Resource links provided by the National Library of Medicine

MedlinePlus Genetics related topics: Melanoma
MedlinePlus related topics: Melanoma

Arm Intervention/treatment
Surgery
Surgical resection of melanoma tumor lesion(s)
Procedure: Immediate surgical resection of melanoma lesion(s)
Surgical resection of melanoma tumor lesion(s) will be performed after randomization any time during weeks 1 to 6.

Experimental: Talimogene Laherparepvec
Talimogene laherparepvec for 6 doses followed by surgical resection of melanoma tumor lesion(s).
Drug: Talimogene Laherparepvec
Talimogene laherparepvec will be administered by intralesional injection into the injectable cutaneous, subcutaneous, and nodal tumors initially at a dose of 10^6 plaque forming units (PFU)/mL at day 1 of week 1 followed by a dose of 10^8 PFU/mL at day 1 (±3 days) of week 4, 6, 8, 10 and 12 or until all injectable tumors have disappeared, or intolerance of study treatment or in the opinion of the investigator, immediate surgical resection or any other treatment for melanoma is warranted, whichever occurs first.

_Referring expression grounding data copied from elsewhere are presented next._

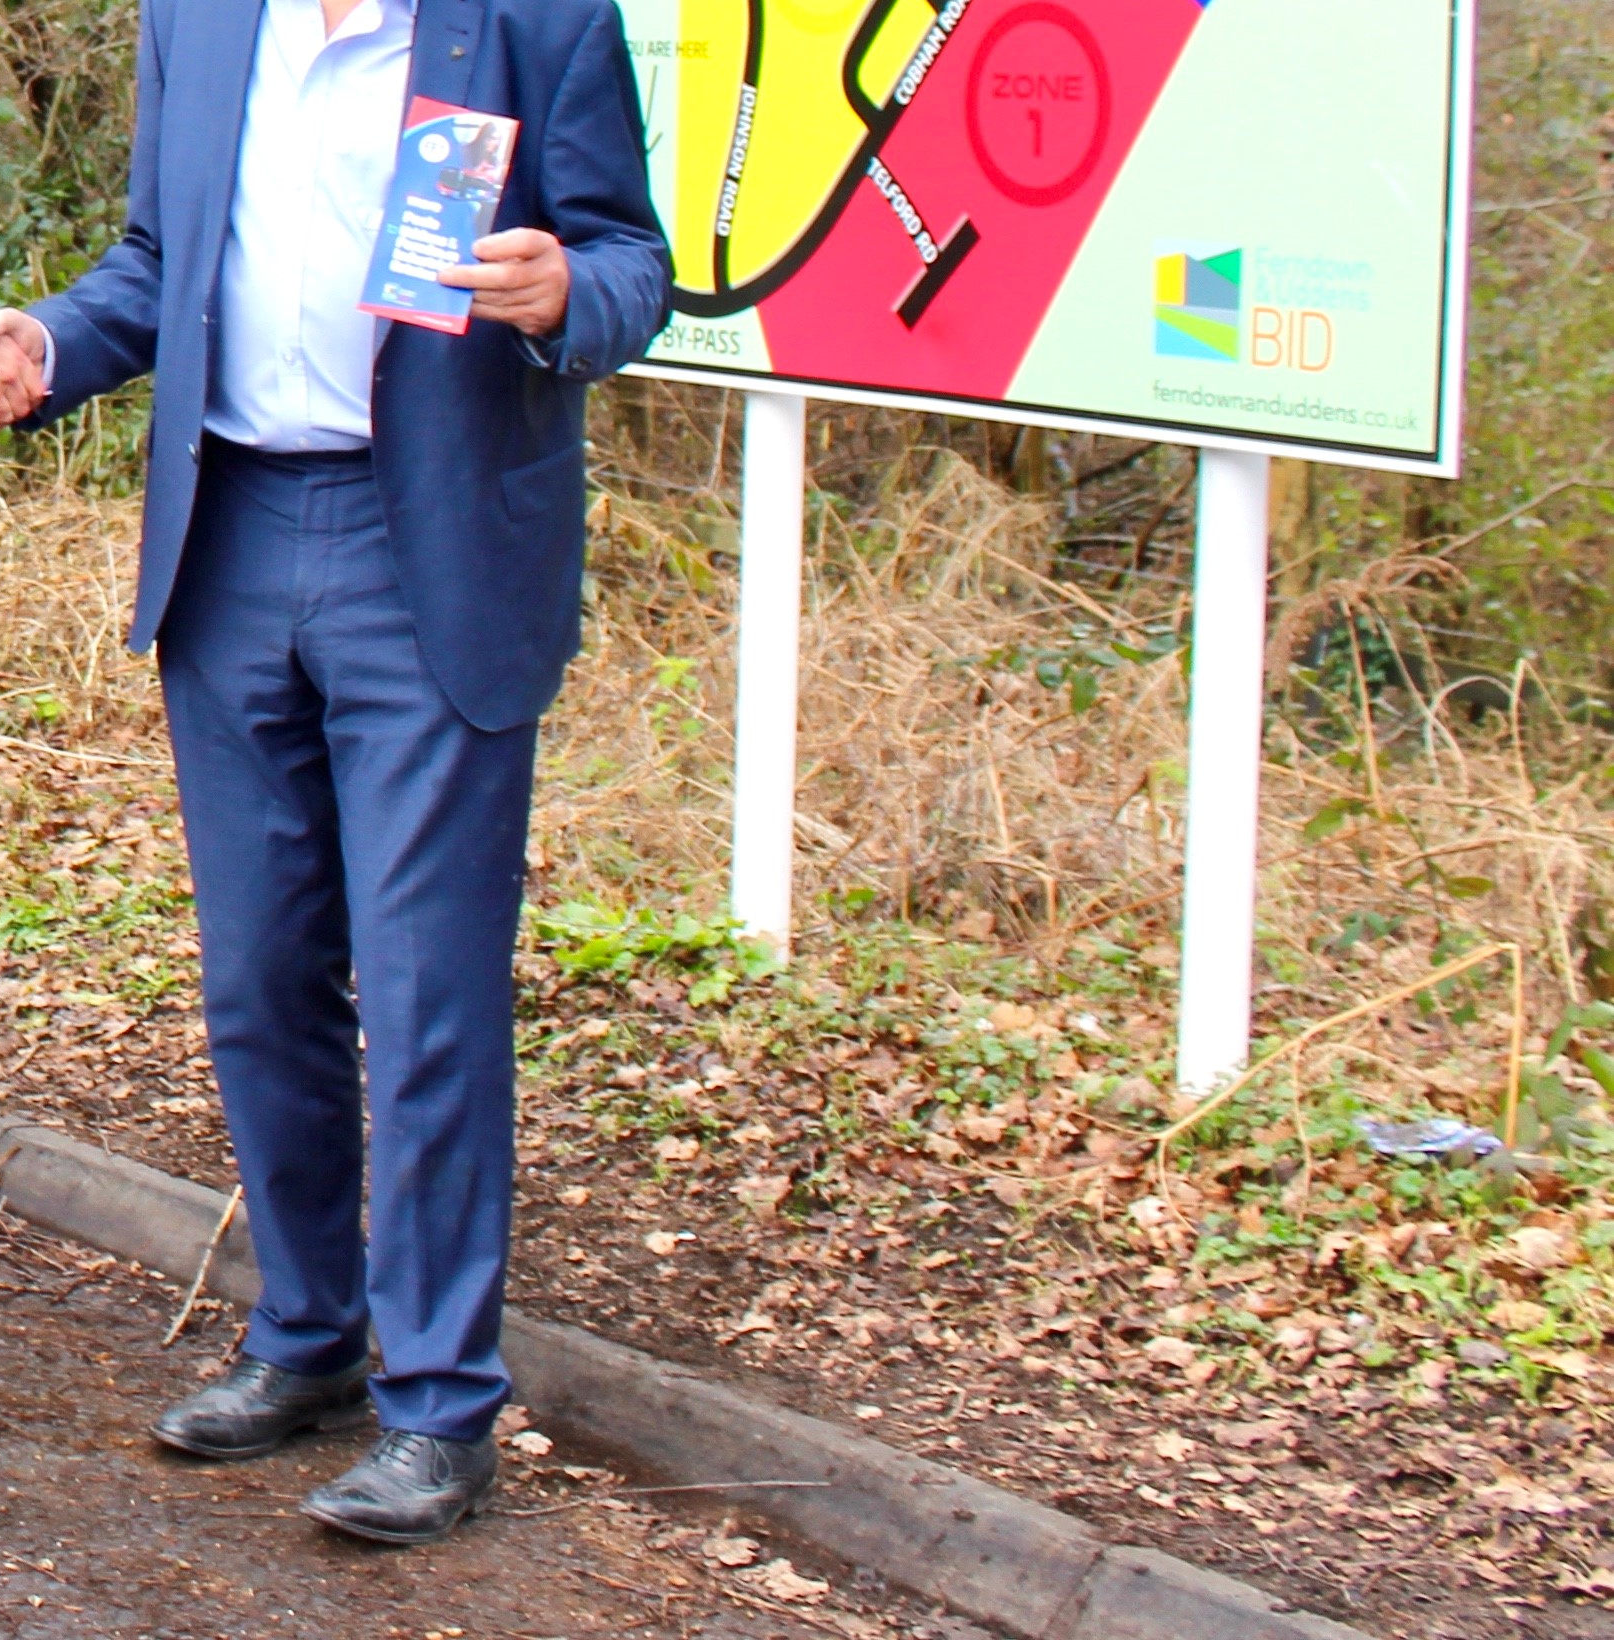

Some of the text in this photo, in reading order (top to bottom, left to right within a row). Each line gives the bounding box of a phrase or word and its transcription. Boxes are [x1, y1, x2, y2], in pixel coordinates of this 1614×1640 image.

[893, 26, 947, 106] COBHAM
[992, 73, 1083, 101] ZONE
[715, 83, 758, 238] JOHNSON ROAD
[1027, 108, 1042, 158] 1
[865, 155, 939, 264] TELFORD RD
[663, 325, 741, 355] BY-PASS
[1251, 307, 1333, 372] BID
[1152, 379, 1419, 431] ferndownanduddens.co.uk

Primary Outcome Measures :
  1. Recurrence-Free Survival (RFS) [ Time Frame: 24 months after last participant randomized (data cutoff date of 30 April 2019) ]
    Recurrence free survival (RFS) is defined as the time from randomization to the date of event, and is presented as a Kaplan Meier estimate of time to events. The event for RFS is defined as the first of local, regional, or distant recurrence of melanoma or death due to any cause. Participants without a histopathology tumor-free margin (R0) surgical outcome or those who withdrew prior to surgery were considered an event at randomization. Participants without an event were censored at their last evaluable tumor assessment.


Secondary Outcome Measures :
  1. Kaplan-Meier (K-M) Estimate of RFS Rate at 1 Year and 2 Years [ Time Frame: 1 year (Month 12), 2 years (Month 24) ]
    Kaplan-Meier estimates of the percentage of participants with RFS events at 1 year and 2 years from randomization. The event for RFS is defined as the first of local, regional, or distant recurrence of melanoma or death due to any cause. Participants without an R0 surgical outcome or those who withdrew prior to surgery are considered an event at randomization. Participants without an event were censored at their last evaluable tumor assessment. Rate is presented as the percentage of participants with RFS at given time point.

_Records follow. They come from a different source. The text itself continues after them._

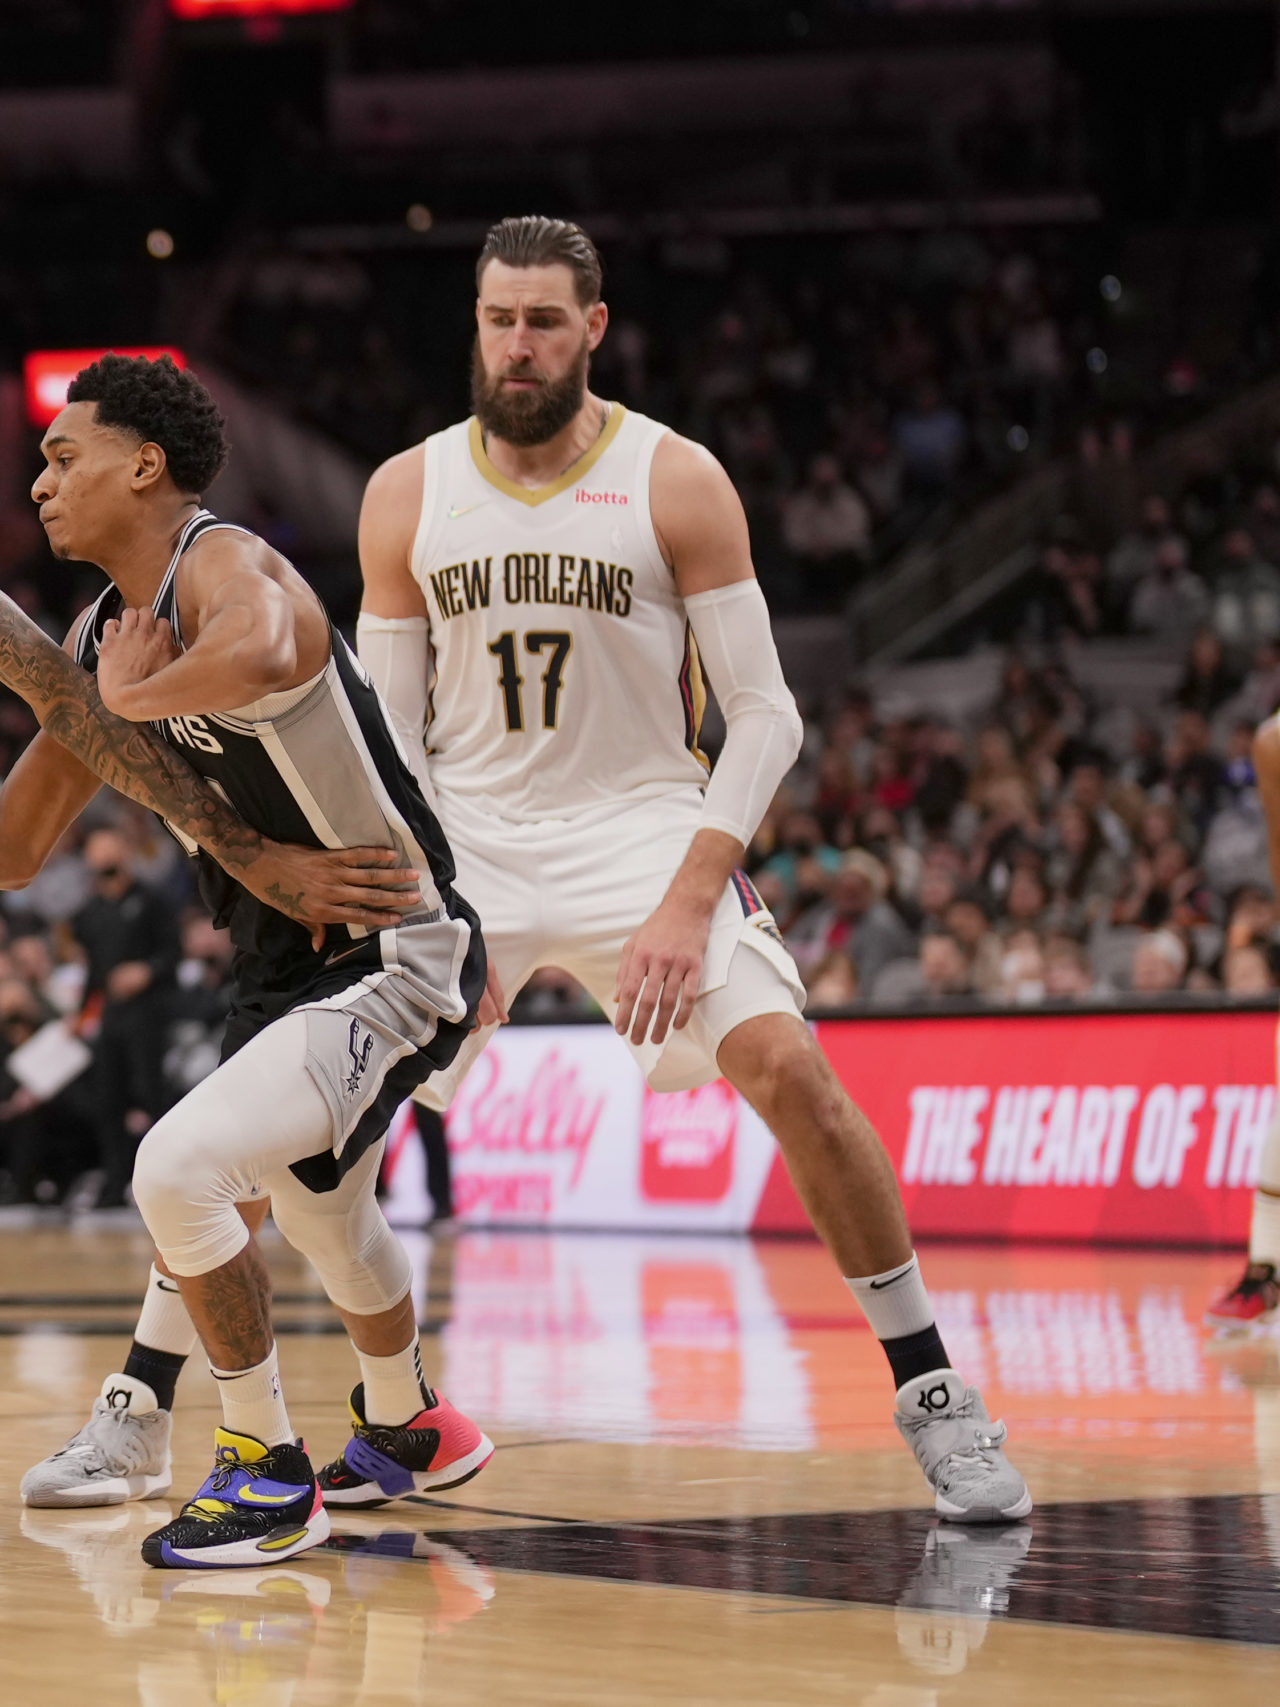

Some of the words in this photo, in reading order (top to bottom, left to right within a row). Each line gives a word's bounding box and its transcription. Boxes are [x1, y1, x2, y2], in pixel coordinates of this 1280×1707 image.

[575, 489, 628, 505] ibotta
[429, 557, 492, 621] NEW
[503, 553, 633, 618] ORLEANS
[487, 631, 573, 732] 17
[902, 1085, 990, 1186] THE
[982, 1085, 1139, 1188] HEART
[1132, 1083, 1206, 1189] OF

  2. Histopathology Tumor-Free Margin (R0) Surgical Resection Rate [ Time Frame: 18 weeks after last participant randomized (data cutoff date of 30 April 2019) ]
    Histopathology tumor-free margin (R0) surgical resection is defined by pathologist as absence of ink on the tumor for all disease. Rate is presented as the percentage of participants with histopathology tumor-free margin (R0) surgical resection.

  3. Pathological Complete Response (pCR) Rate [ Time Frame: 18 weeks after last participant randomized (data cutoff date of 30 April 2019) ]
    Pathological Complete Response (pCR) is defined as no evidence of viable tumor cells on complete pathological evaluation of the surgical specimen per institutional standards of care. Rate is presented as the percentage of participants with pCR.

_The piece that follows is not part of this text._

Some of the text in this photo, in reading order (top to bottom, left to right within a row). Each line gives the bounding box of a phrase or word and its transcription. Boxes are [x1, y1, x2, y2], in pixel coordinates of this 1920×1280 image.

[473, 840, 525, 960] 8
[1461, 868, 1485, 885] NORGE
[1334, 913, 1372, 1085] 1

  4. Local Recurrence-Free Survival (LRFS) [ Time Frame: 24 months after last participant randomized (data cutoff date of 30 April 2019) ]
    Local recurrence-free survival (LRFS) is defined as the time from randomization to the earlier date of the first of local disease recurrence or death due to any cause. Participants without an R0 surgical outcome or those who withdrew prior to surgery are considered an event at randomization. Local recurrence is defined as histologically or cytologically confirmed reappearance of melanoma in the area of up to 2 cm from the scar from the surgical excision or at the edge of the skin graft if that was used for closure.

  5. Regional Recurrence-Free Survival (RRFS) [ Time Frame: 24 months after last participant randomized (data cutoff date of 30 April 2019) ]
    Regional recurrence-free survival (RRFS) is defined as the time from randomization to the date of the first of regional disease recurrence or death due to any cause. Participants without an R0 surgical outcome or those who withdrew prior to surgery are considered an event at randomization. Regional recurrence excludes local recurrence and is defined as histologically, cytologically, or radiographically confirmed reappearance of melanoma in the regional lymph node basin.

  6. Distant Metastases-Free Survival (DMFS) [ Time Frame: 24 months after last participant randomized (data cutoff date of 30 April 2019) ]
    Distant metastases-free survival (DMFS) is defined as the time from randomization to the date of the first of distant metastases or death due to any cause. Participants without an R0 surgical outcome or those who withdrew prior to surgery are considered an event at randomization. Distant metastases exclude local and regional recurrence and will include distant cutaneous/subcutaneous metastases, distant nodal metastases, or visceral, central nervous system, brain, or bone metastases.

  7. Overall Survival (OS) [ Time Frame: 24 months after last participant randomized (data cutoff date of 30 April 2019) ]
    Overall survival (OS) is defined as the time from randomization to the date of death due to any cause.

  8. Kaplan-Meier (K-M) Estimate of OS at 1 Year and 2 Years [ Time Frame: 1 year (Month 12), 2 years (Month 24) ]
    Kaplan-Meier estimates of the percentage of participants with OS events at 1 year and 2 years from randomization. An OS event is defined as death due to any cause.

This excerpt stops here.